先に言っておきますが、エイプリルフールのネタです。

本編とは半分くらい関係ない幻覚のようなものです。

 僕は苦戦していた。


 さっき出会った猫耳の女の子からもらったポーションを飲んだはいいものの、痛みを感じなくなっただけで他に効果はない。〈エルダートレント〉の圧倒的なパワーには以前敵わず、押され気味な状況は変わっていなかった。


「くっそ、このままじゃ……っ」


 彼女から受け取ったナイフで敵の腕を斬りつける。

 だが、これといって効いているようには見えない。


「諦めちゃダメです! ダメージを蓄積させれば、いつかは【再生限界】を迎えて自滅するはずですから!」


 ハンドボウガンを構えた彼女が叫ぶ。

 どうやら彼女との協力でその【再生限界】とやらを迎えさせることで、最終的にこいつを倒す算段らしい。僕のスキル、【再生(リバイヴ)】を前提とした作戦だけど、それ以外に方法がないならやるしかない。


「わかってる! やるしか、ないんだろ!」


 左腕がもがれる。痛みはない。

 右胸に敵の腕が突き刺さる。痛みはないけど致命傷だ。僕は頭上を見上げた。

 何回目かわからないくらいのスキル発動。



   ↺



「――その子に、触るなぁっ!!」


 なぜか空中で復活した僕は、ナイフを手に『巨木』へと降下した。


 命がけの特攻は功を奏し、彼女を襲おうとしていた敵の足止めに成功する。ただでさえ死をループさせられて精神的に参っているというのに、孤独なんて心細さまで味わいたくない。


「うぐっ……」


 敵に吹き飛ばされ、着地を失敗した僕は地面に激突する。

 打ちどころが悪かったのか、意識が飛びかけた。


(っ、まずい……早く、立ち上がらないと……!)


 フラフラと、僕の足取りは覚束ない。

 咆哮する敵に向かって手を伸ばす。

 

 ダメだ。僕が助けに入らないと、彼女まで死ぬ。


 でもこの状態じゃ、真っ直ぐに歩けるかどうかすらも怪しい。

 もう一回死んでみるか? いや、それでも最悪タイムラグで間に合わない。


 考えろ。もう懲り懲りなんだ、目の前で死なれるのは。


 そうならないために僕は戦うんだ。

 そのための力だろ――!



「――よく頑張ったわね、坊やたち♡」

 

 

 目の前に、大きな人影が立っていた。

 ぼやけていた視界が晴れ、彼の背中がより鮮明に映る。


「あ、あなたは……!」


 鍛え上げられた肉体に、清潔にまとめられた長髪。

 やたら女性口調のその大柄な男性は、巨大な武器を肩に担いで佇んでいた。

 

「また会ったわね、黒髪の坊や。アタシは〈ランク5〉探索者、リンドウよ」

 

 思い出した、彼(彼女?)は……あのときのステーキ屋の店長さんだ。

 でも、なんで彼女がここに……。

 

「中層級相手に善戦したわね。あなた達はよくやってくれたわ。――あとは任せなさいっ!」

 

 ズシン、と地面を振動させるほどの重量の武器を彼女は構える。

 向かい来る敵もその風格に怯んだのか、唸り声を上げてその場で静止していた。


 

「――さぁ、待ちに待ったショータイムよ! かかってらっしゃい小枝ちゃん!!」


 

 威勢のいい彼女の掛け声とともに、一騎打ちは開戦した。

 といっても、戦況は一方的だったけど。

 

「オホホホ! その触手の動きのクセ、いいわねぇ! 嫌いじゃないわ!!」

 

 分厚い包丁とトゲのついた鉄球が鎖で連結された武器をぶん回しながら、彼女は勢いのまま突っ込んでいった。
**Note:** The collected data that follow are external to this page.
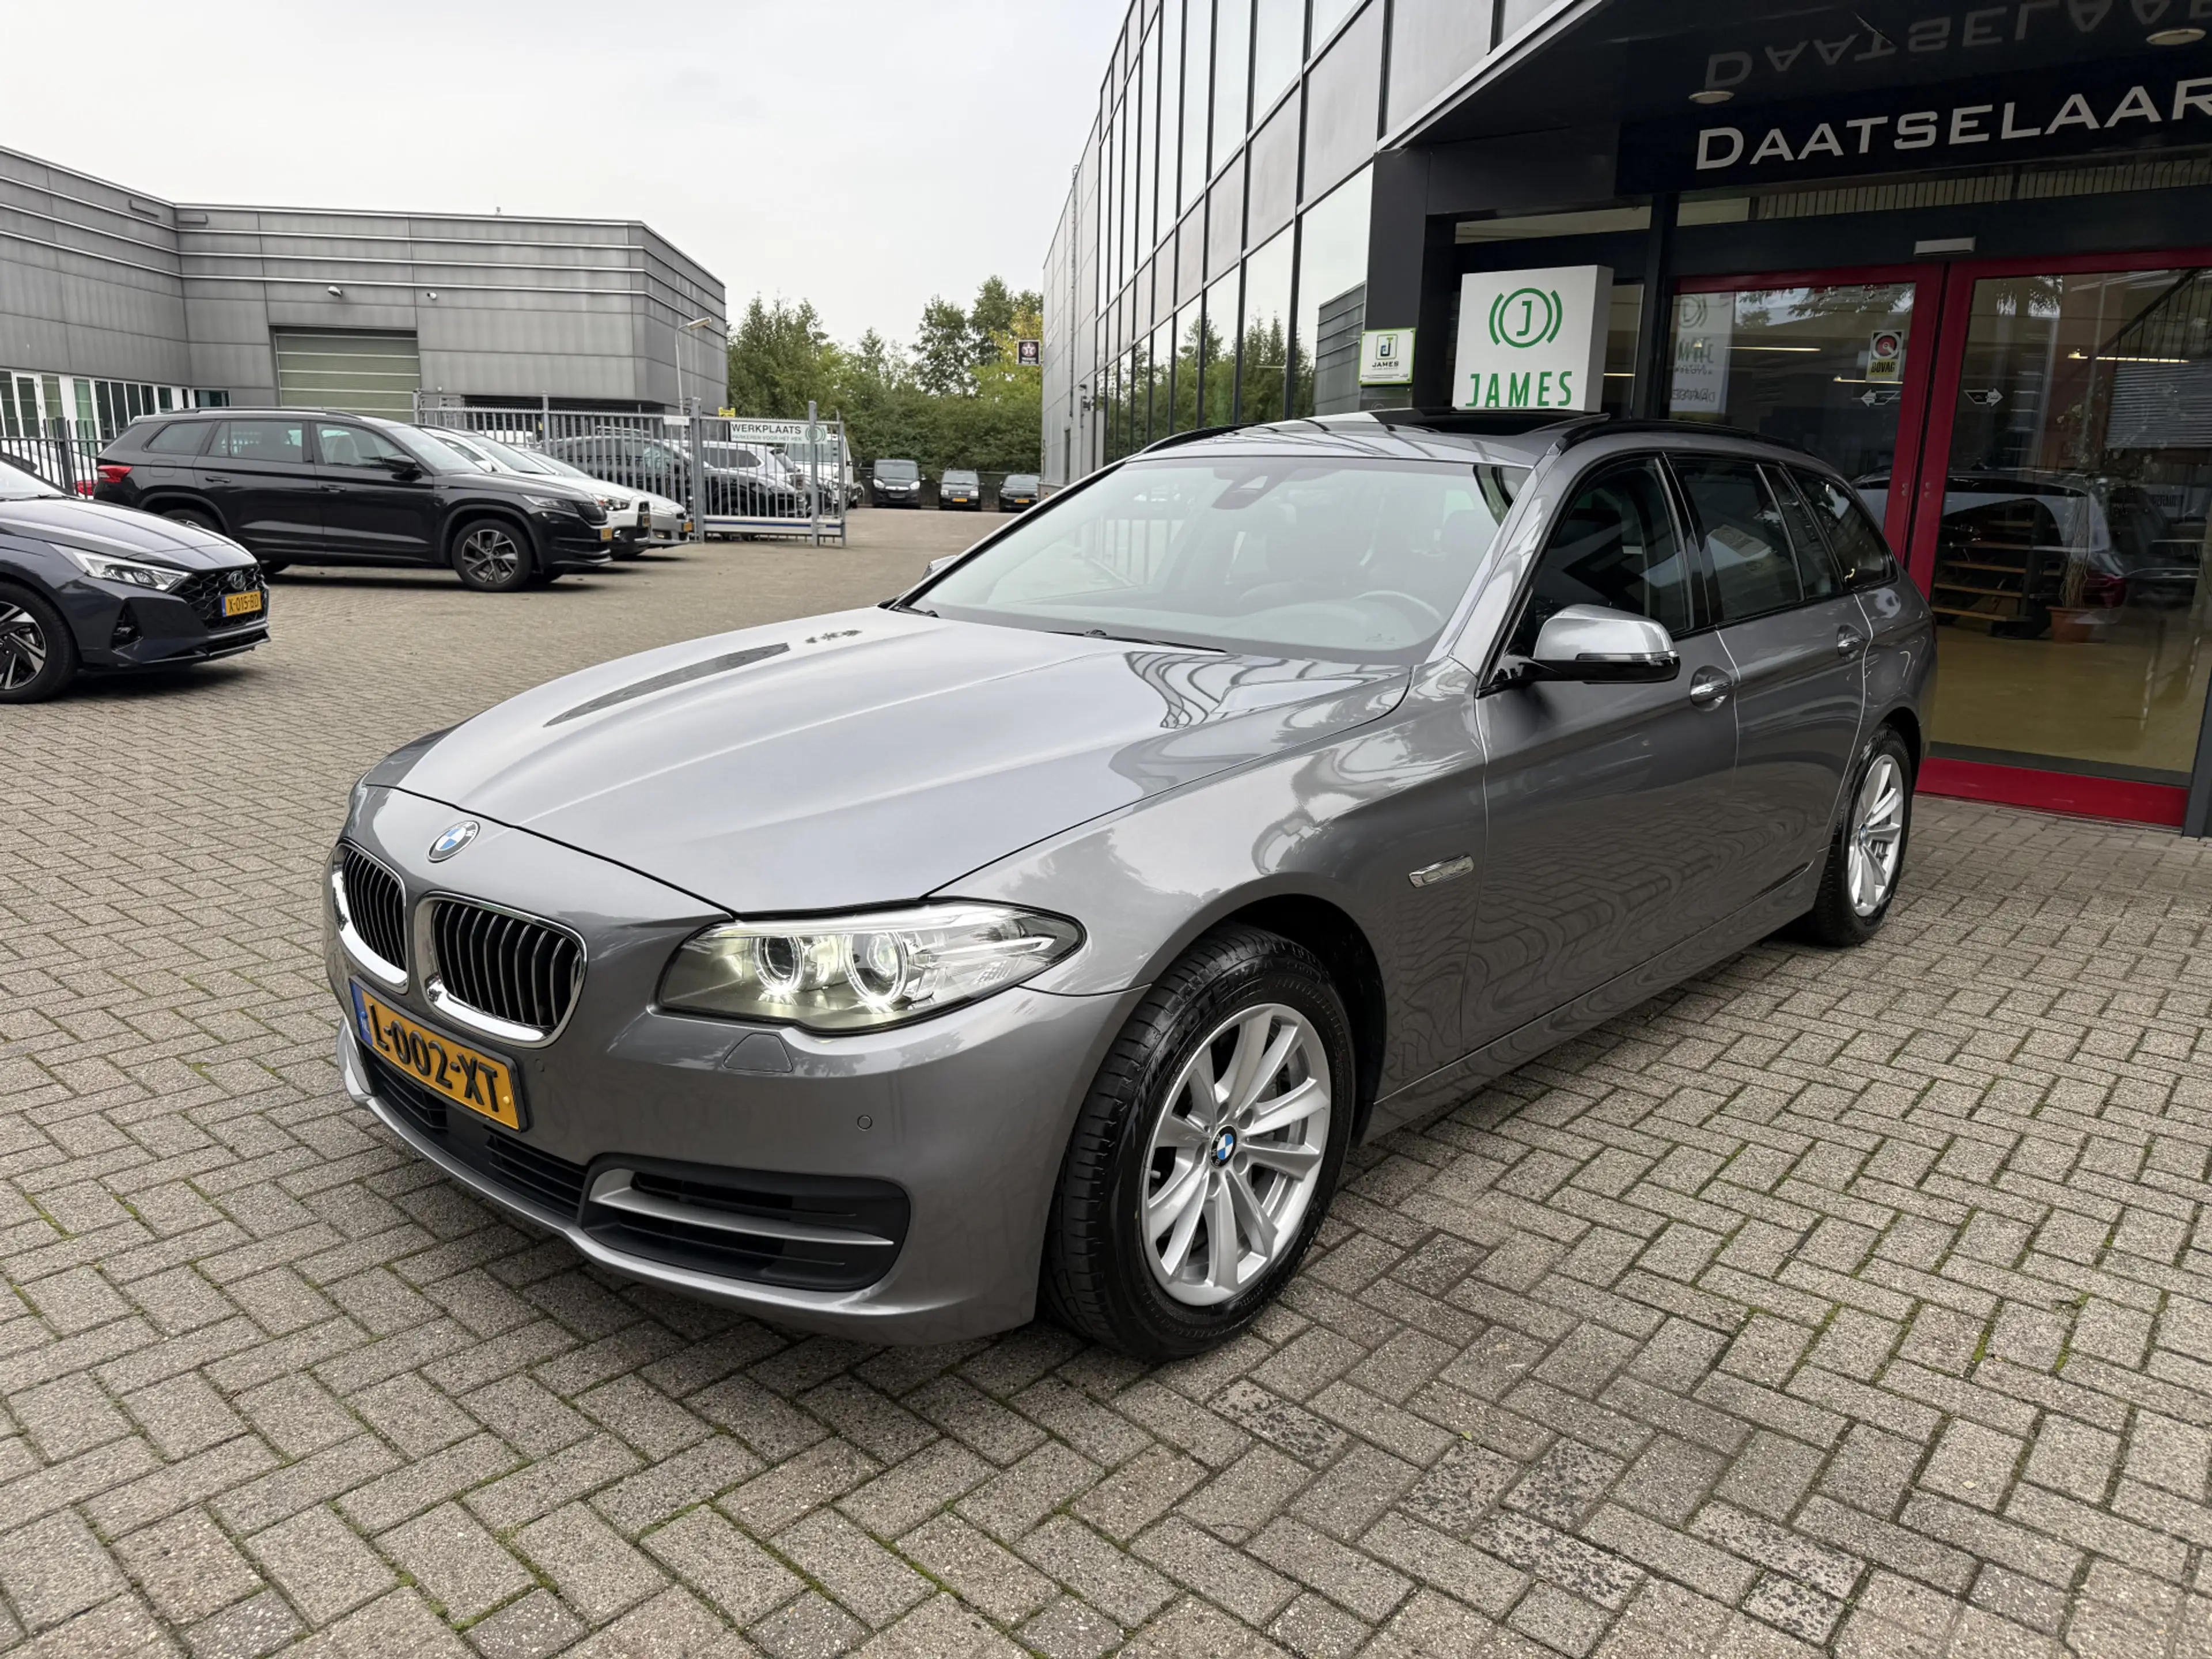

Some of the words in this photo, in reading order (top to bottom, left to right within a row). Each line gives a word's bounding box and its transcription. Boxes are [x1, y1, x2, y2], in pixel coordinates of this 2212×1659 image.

[1696, 77, 2212, 171] DAATSELAAR
[1871, 361, 1896, 373] BOVAG
[1465, 371, 1573, 408] JAMES
[732, 424, 802, 434] WERKPLAATS
[369, 1003, 499, 1113] L-002-XT
 気持ちいいまでに敵の腕は瞬時に滅多斬りにされ、再生するまでもなく伐採されていく。

 まるで柔らかい肉を切り分けていくような手軽さで、トレントは瞬く間にバラバラになっていた。


「す、すごい……これが、ステーキ屋店長の本気!!」

「いや、誰なんですかあの人……」


 僕と猫耳の女の子が傍から観戦していると、一分も経たないうちに決着はついていた。

 戦場には細かく分解された〈エルダートレント〉の肉片が転がり、その中にリンドウさんは立っていた。
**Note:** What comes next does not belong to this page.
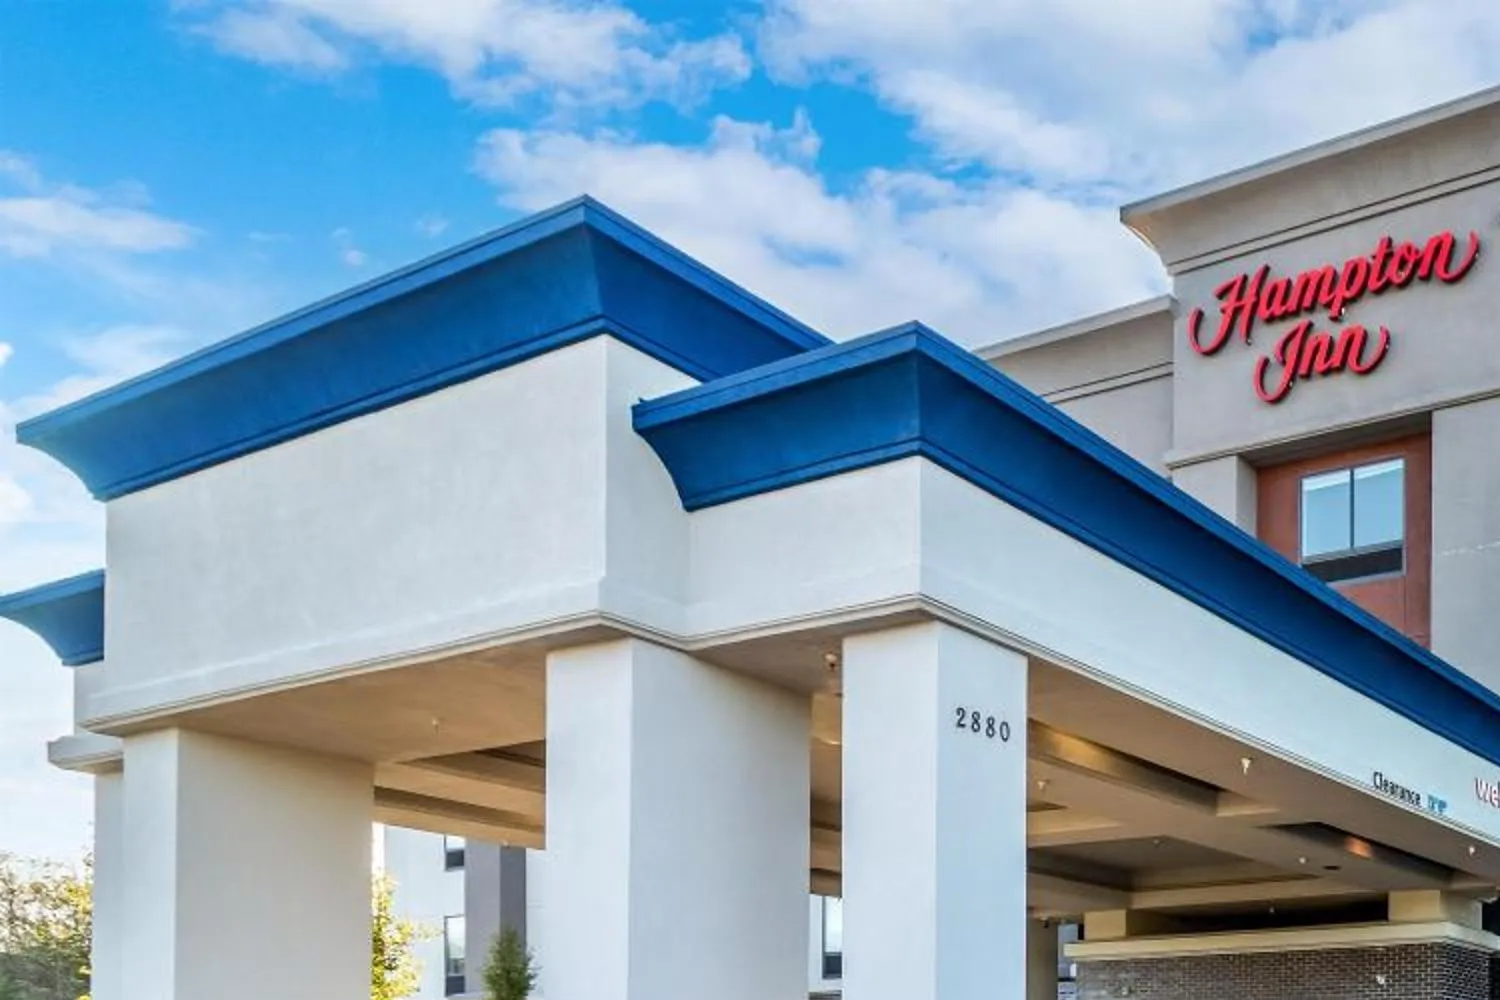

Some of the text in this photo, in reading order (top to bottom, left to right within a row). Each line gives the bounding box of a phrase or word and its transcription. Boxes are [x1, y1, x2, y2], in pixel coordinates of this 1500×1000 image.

[1188, 230, 1479, 355] Hampton
[1253, 319, 1390, 404] Inn
[955, 707, 1010, 742] 2880
[1373, 771, 1421, 806] Clearance
「ふぅ……【再生限界】が近かったからラクに倒せたわね。ありがとう、坊やたち」

 

 最後に僕達にウインクして、リンドウさんは言葉少なに去っていった。

 その大きな背中に憧れた僕が、そこから筋肉系探索者を目指すことになるのは、また別のお話――。

 

 

 

本当の第47話は4/3に投稿する予定です。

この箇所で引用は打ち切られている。